Tsunami Simulations for Regional Sources in the South China and Adjoining Seas

  • Emile A. Okal
  • Costas E. Synolakis
  • Nikos Kalligeris
Article

Abstract

We present 14 scenarios of potential tsunamis in the South China Sea and its adjoining basins, the Sulu and Sulawezi Seas. The sources consist of earthquake dislocations inspired by the the study of historical events, either recorded (since 1900) or described in historical documents going back to 1604. We consider worst-case scenarios, where the size of the earthquake is not limited by the largest known event, but merely by the dimension of the basin over which a coherent fault may propagate. While such scenarios are arguably improbable, they may not be impossible, and as such must be examined. For each scenario, we present a simulation of the tsunami’s propagation in the marine basin, exclusive of its interaction with the coastline. Our results show that the South China, Sulu and Sulawezi Seas make up three largely independent basins where tsunamis generated in one basin do not leak into another. Similarly, the Sunda arc provides an efficient barrier to tsunamis originating in the Indian Ocean. Furthermore, the shallow continental shelves in the Java Sea, the Gulf of Thailand and the western part of the South China Sea significantly dampen the amplitude of the waves. The eastern shores of the Malay Peninsula are threatened only by the greatest—and most improbable—of our sources, a mega-earthquake rupturing all of the Luzon Trench.

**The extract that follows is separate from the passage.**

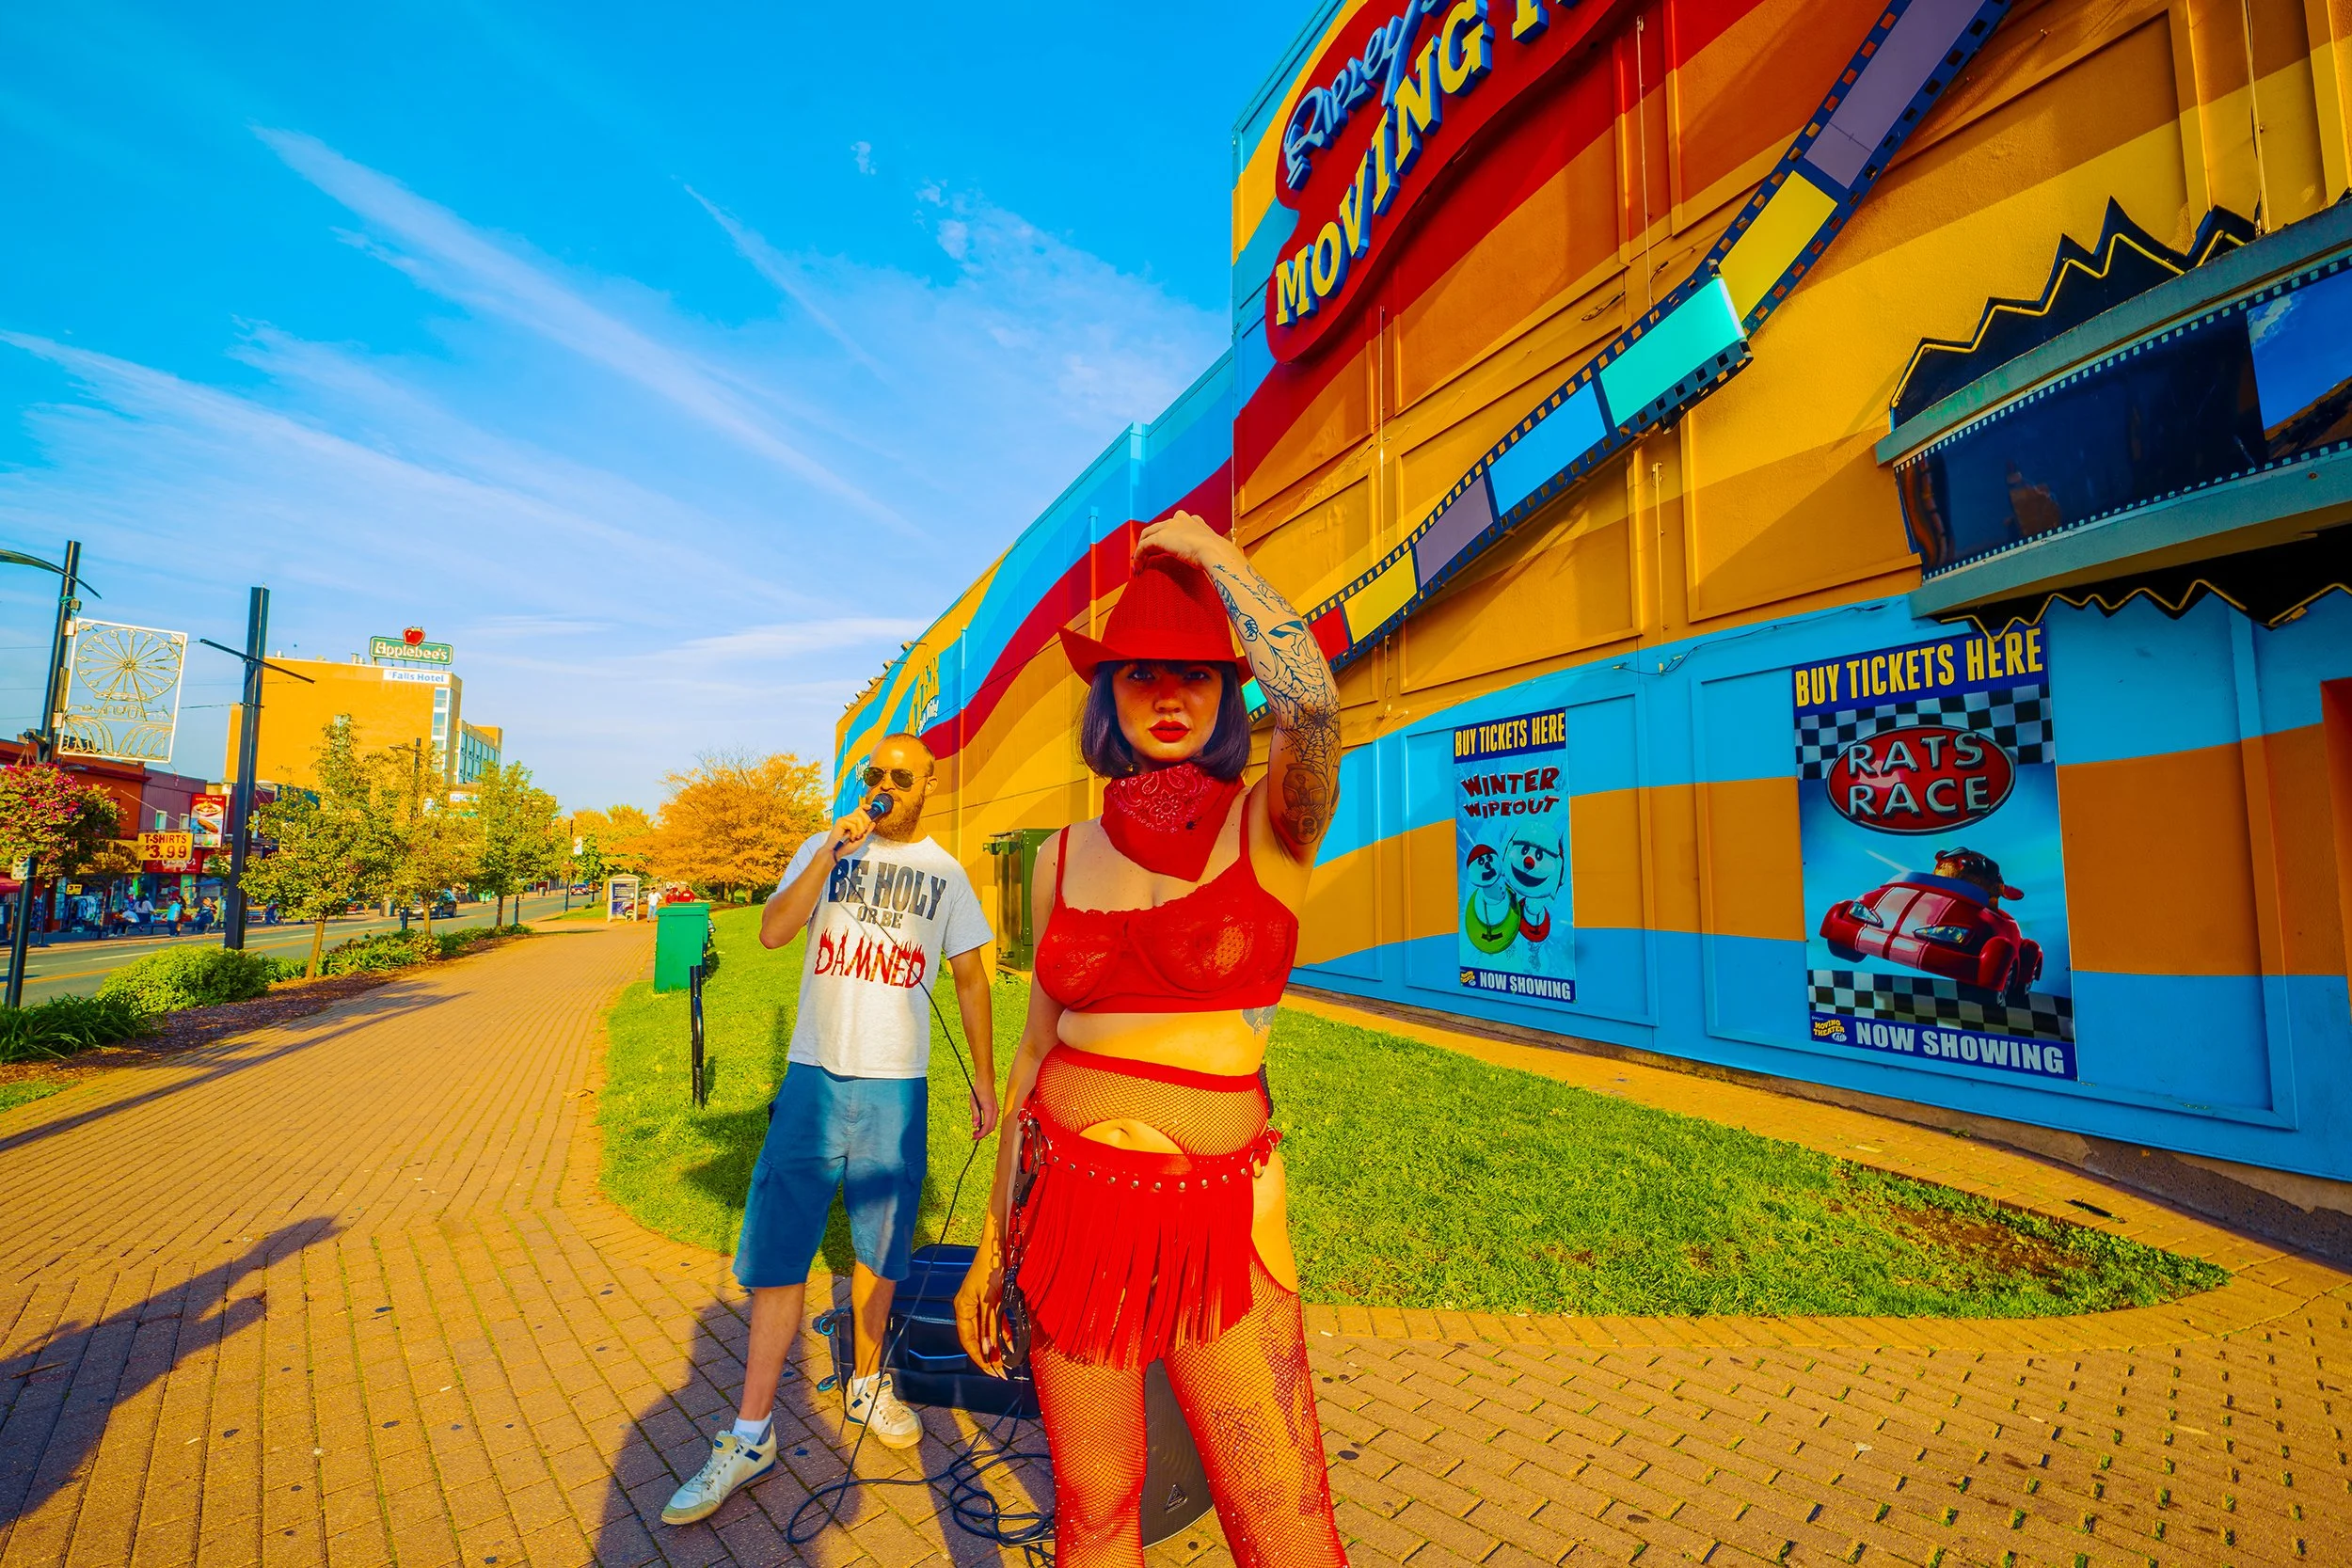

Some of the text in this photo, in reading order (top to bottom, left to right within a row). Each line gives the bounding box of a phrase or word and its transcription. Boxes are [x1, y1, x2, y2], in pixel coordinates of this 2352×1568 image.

We also consider two models of underwater landslides (which can be triggered by smaller events, even in an intraplate setting). These sources, for which there is both historical and geological evidence, could pose a significant threat to all shorelines in the region, including the Malay Peninsula.

Keywords

Tsunami South China Sea focal mechanism numerical simulation 

Notes

Acknowledgments

This research was partially supported by the National Science Foundation under grant CMMI 09-28905 to CES. We are grateful to James Dewey, Steve Kirby, Bernard Dost and Phil Cummins for access to historical seismogram collections at the USGS (Golden), the Royal Netherlands Meteorological Institute, and Geoscience Australia. The paper was improved through the comments of Hermann Fritz, another reviewer and Editor Utku Kânoğlu. Maps were drawn using the GMT software (Wessel and Smith, 1991).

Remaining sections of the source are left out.